Protests Over National Portrait Gallery Controversy Spread to New York

This weekend marked the first major protest outside of Washington DC over the ongoing controversy surrounding the National Portrait Gallery‘s decision to pull a piece of art from an exhibition following pressure put upon it by political and religious groups. Art+, an art-based activist group, put together the protest yesterday afternoon in New York, which wound up bringing together somewhere between 400 to 500 protesters. The march, filled with artists, free speech advocates and placards by the hundreds, began at the Met and ended at the Smithsonian‘s Cooper-Hewitt. Hyperallergic has some great photos of the event and the people who were apart of it and a quick overview of what all went down.

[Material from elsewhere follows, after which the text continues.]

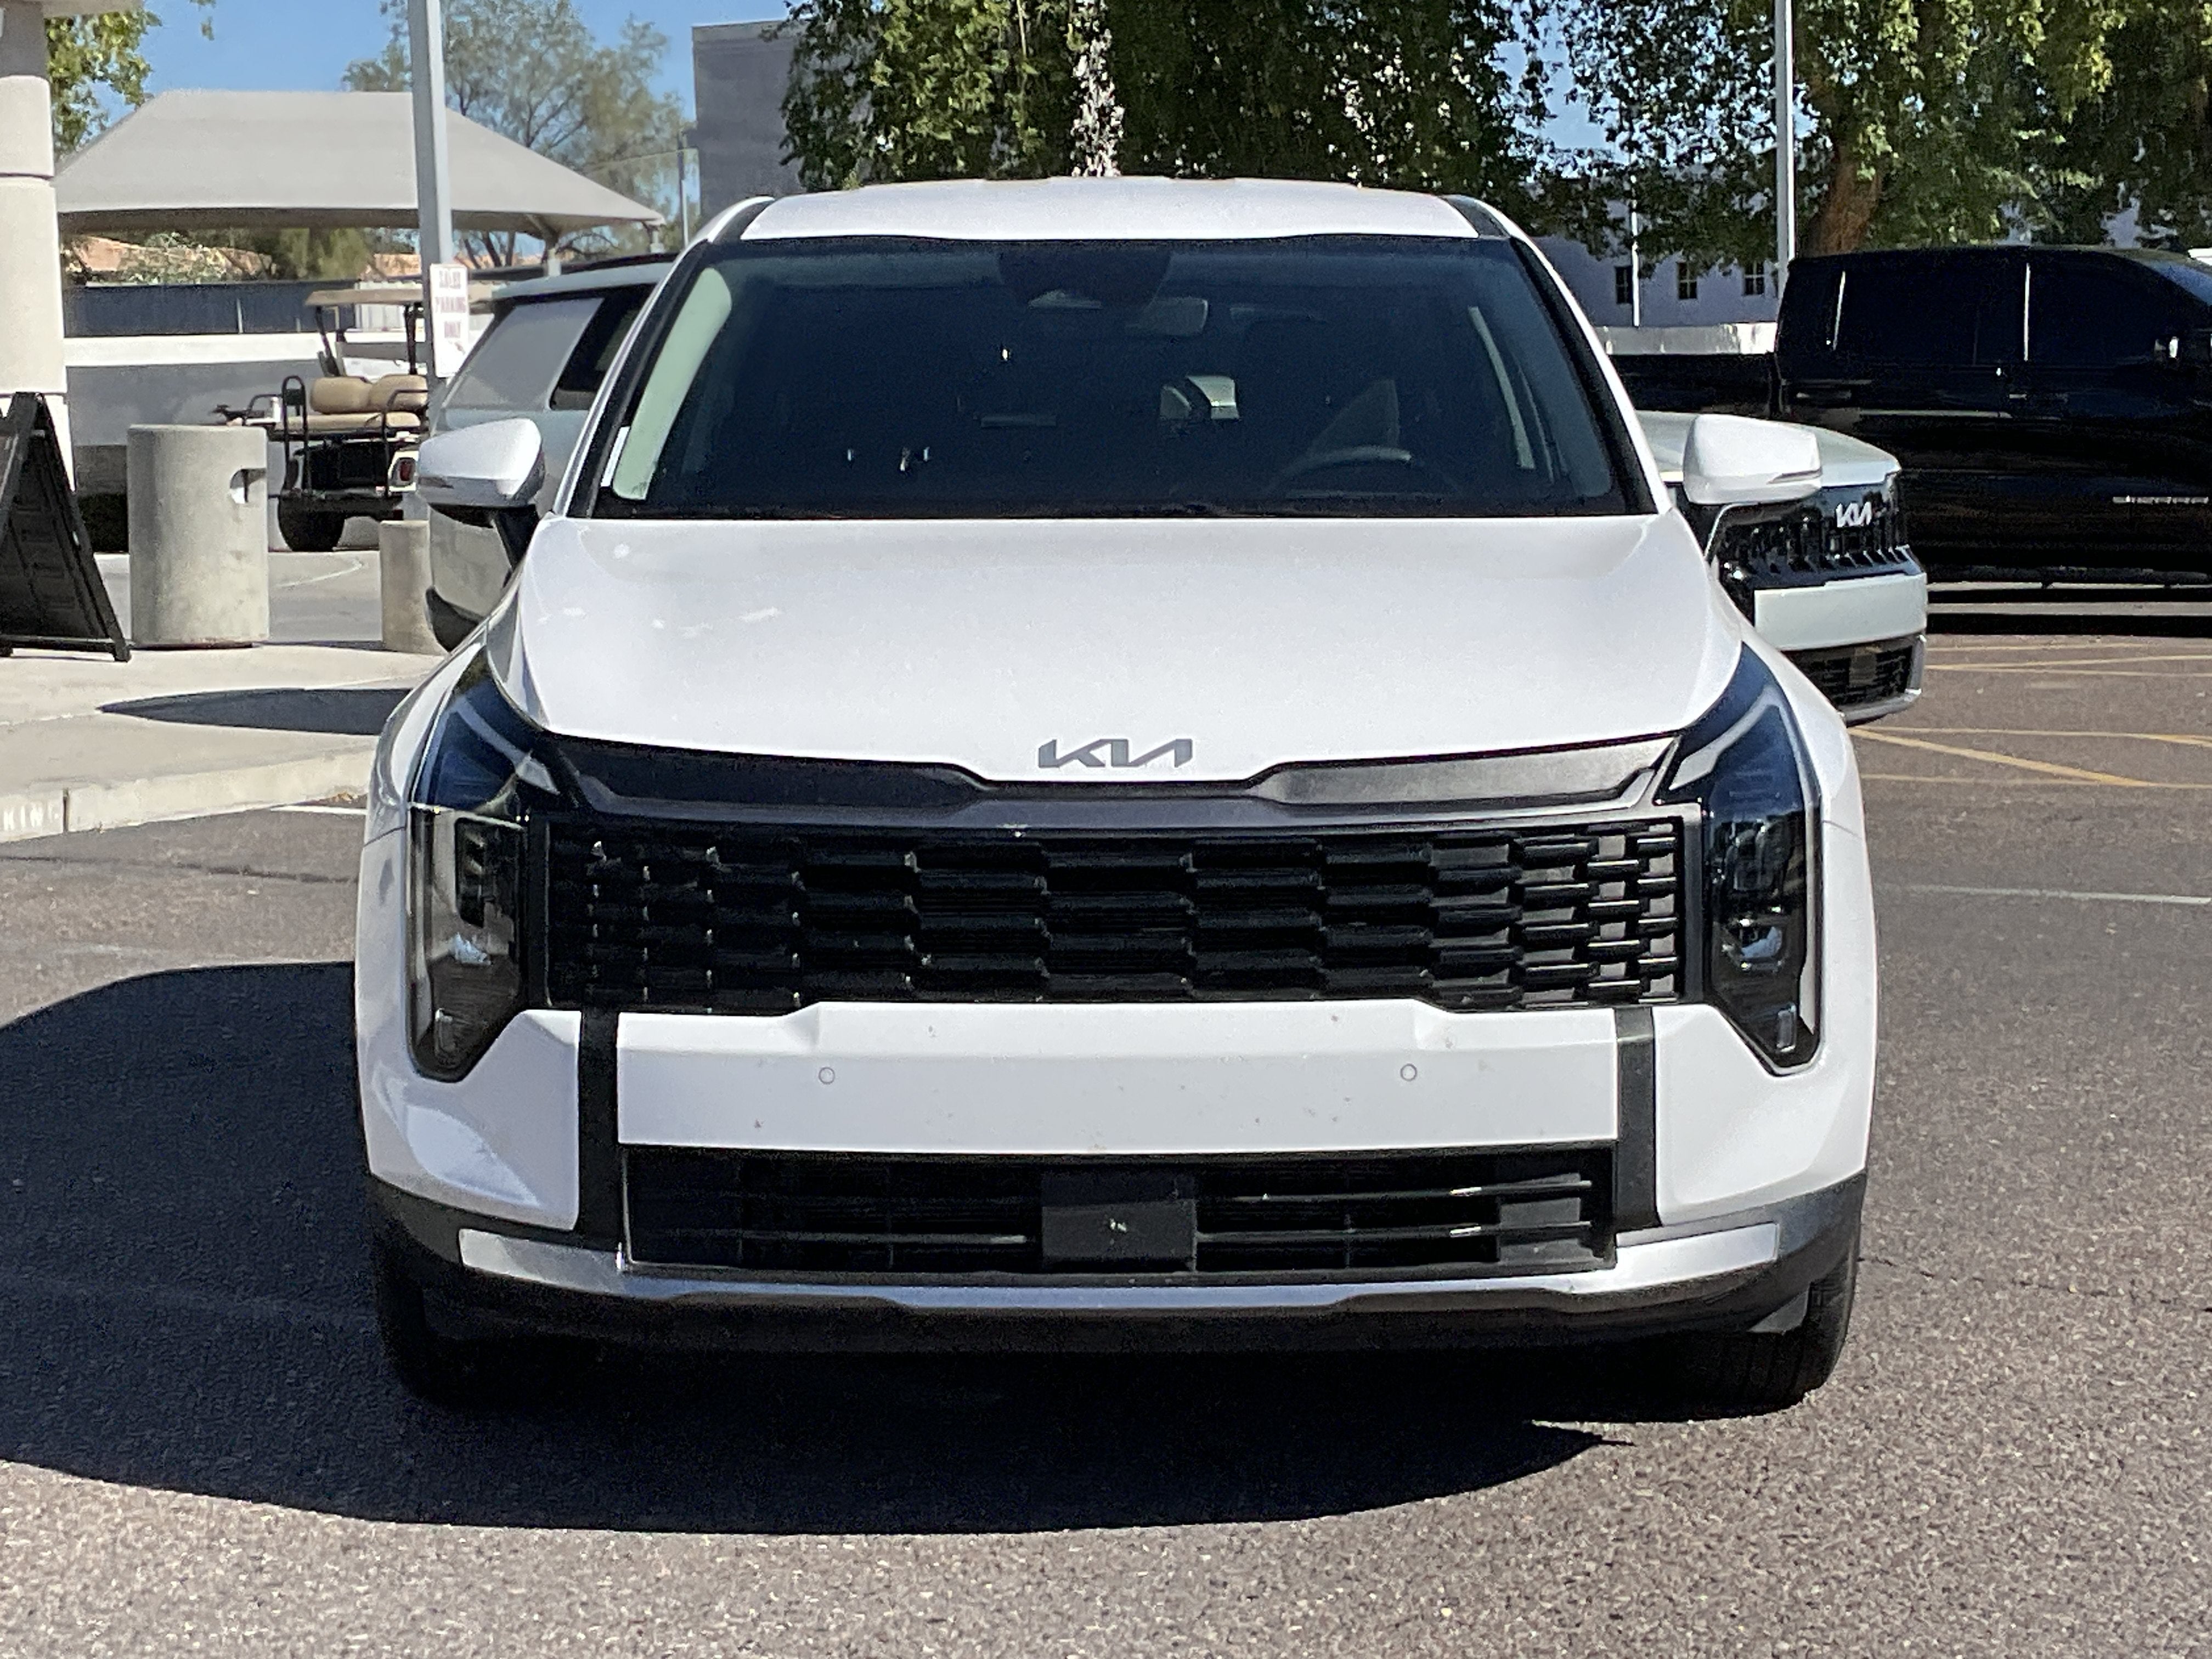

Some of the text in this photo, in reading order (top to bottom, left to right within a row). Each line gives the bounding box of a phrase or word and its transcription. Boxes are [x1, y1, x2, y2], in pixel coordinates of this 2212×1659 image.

[435, 297, 466, 313] PARKING
[1836, 501, 1872, 528] KIA
[1039, 738, 1193, 769] KIA

Elsewhere in the controversy and to the north of New York, Canadian artist AA Bronson has asked the National Portrait Gallery to remove his work from the exhibition at the center of the ongoing fight. The Gallery had initially refused his request, but the NY Times reports that “negotiations are continuing” between the artist, the Smithsonian’s Gallery and the work’s owner, the National Gallery of Canada, who reportedly has sided with Bronson. This following the Andy Warhol Foundation‘s move to pull their funding from the Smithsonian over the issue and things still aren’t faring well for the organization on the PR front.